Preview: The Garden Party, The Tetley 29th-30th August

By August 18, 2015

Food. Leeds.

 

Packed to the nines with art and culture as Yorkshire is, it’s no surprise that the last weekend of August is a busy one for the county. It is the weekend that will see 75,000 people flock to Bramham Park for Leeds Festival, whose reputation for variety, society and inebriety precedes itself; it is also, more pertinently, home to a cultural weekender of a very different ochre: ex-brewhouse-turned-art-gallery The Tetley is putting on a festival, and it looks incredible.

The weekender goes by the name of The Garden Party, and is the result of a divine collaboration between the Tetley, The Warehouse Project, Canal Mills, Metropolis, Chibuku, Now Wave and Eat Your Own Ears. With an executive committee of such titanic proportions, it would be entirely reasonable for one to expect a star-studded line-up of the modern underground’s greatest over two decadent days of artistic endeavour and culinary delight of hedonistic proportions. One would be entirely correct. In fact, the collective clout of these founding parties has secured a line-up so solid it, in its capacity as a man-sized one-venue urban weekender, threatens the gigant, the cycloptic crown of Leeds Festival.

The first day, on Saturday 29th August, boasts live sounds from Roisin Murphy, Joy Orbison, Mr Scruff, Dutch Uncles, Errors and more, while the Sunday sees the likes of Little Dragon, Todd Terje, Julio Bashmore, Grandmaster Flash and Lonelady take the stage amongst a litany of others. This might have been enough for an inner-city music weekend, but sights, sounds, smells and tastes available the whole weekend through take proceedings to an unprecedented level of brilliance. Sounds of another provenance can be expected from heavyweights Drop The Mustard, Butter Side Up and Eat Your Own Ears amongst a whole host of other DJs and soundsmiths, while a prodigious selection of food and drink will be available from stalls including Sela, Fish&, Banh Mi, a dedicated craft beer bar and a dedicated cocktail shack.

A predicted highlight of Saturday night is Mr. Scruff’s set; loyal as he is to the Canal Mills cabal, and popular and regular as his 5-hour nights are round these parts, a chance to show off his best amongst a crowd of his peers, in the undeniably hip setting of The Tetley, is not something any self-respecting odd-tronica fan would want to miss. As for Sunday, Lonelady’s peculiar but wholly necessary and refreshing brand of post-punk neo-funk promises to blow socks from the feet of those that watch.

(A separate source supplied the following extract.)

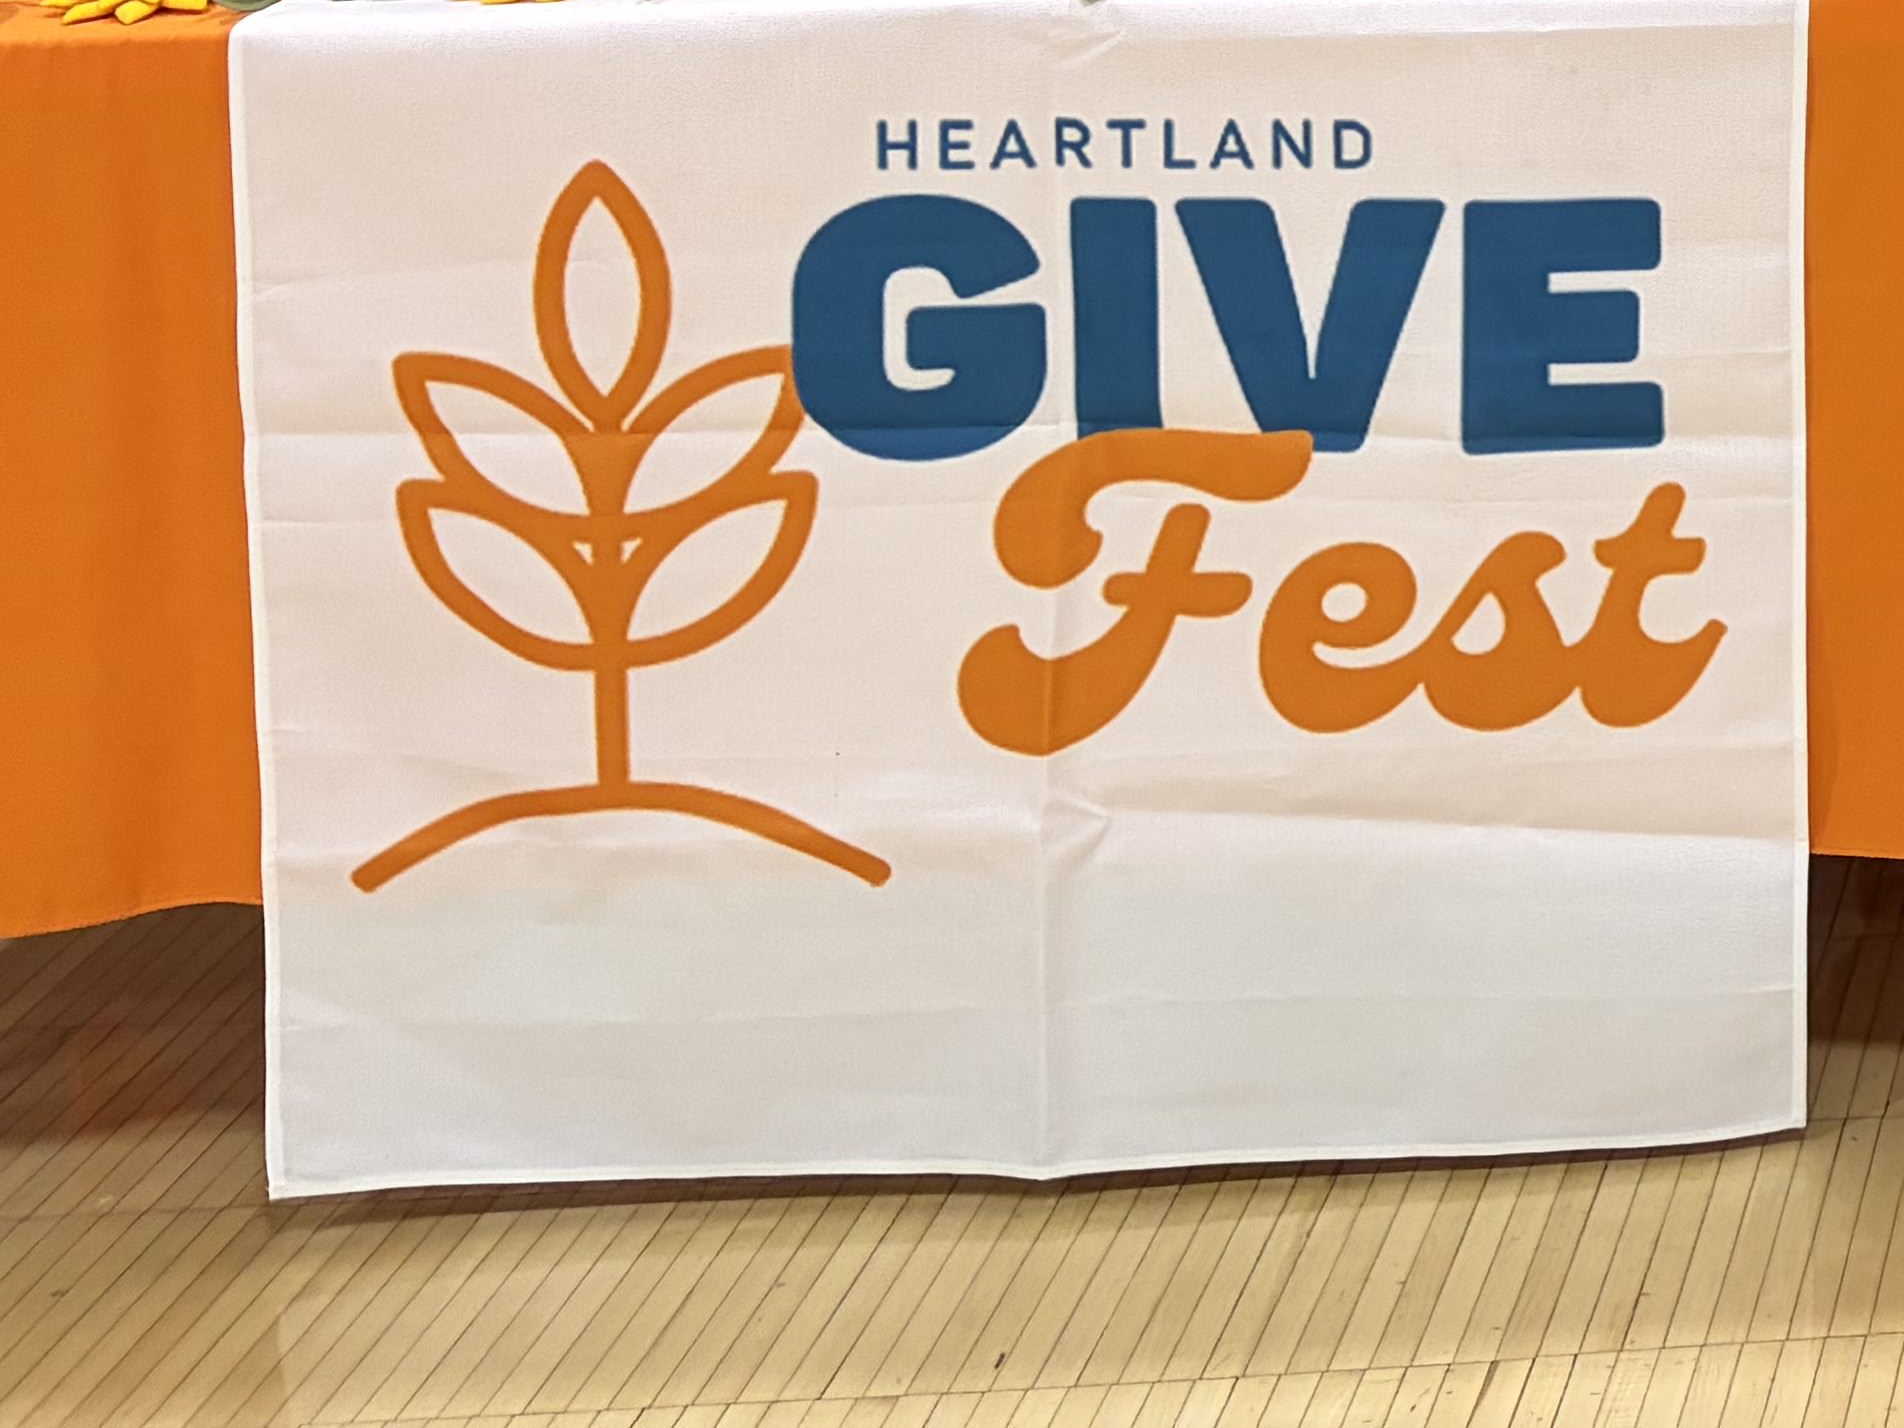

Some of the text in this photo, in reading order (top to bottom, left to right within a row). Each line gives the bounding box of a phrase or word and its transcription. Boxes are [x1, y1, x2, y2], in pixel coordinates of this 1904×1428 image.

[875, 117, 1373, 170] HEARTLAND
[791, 193, 1666, 461] GIVE
[956, 426, 1728, 757] Fest

The Tetley and their national/local contemporaries risk monopolising a very particular, and very sought-after, kind of market in the conception and composition of The Garden Party; with great food, great booze and even greater powerhouse musicians packed into an innovative, richly cultured space just south of the Corn Exchange, it can be said with pre-emptive assuredness that The Garden Party deserves its definite article.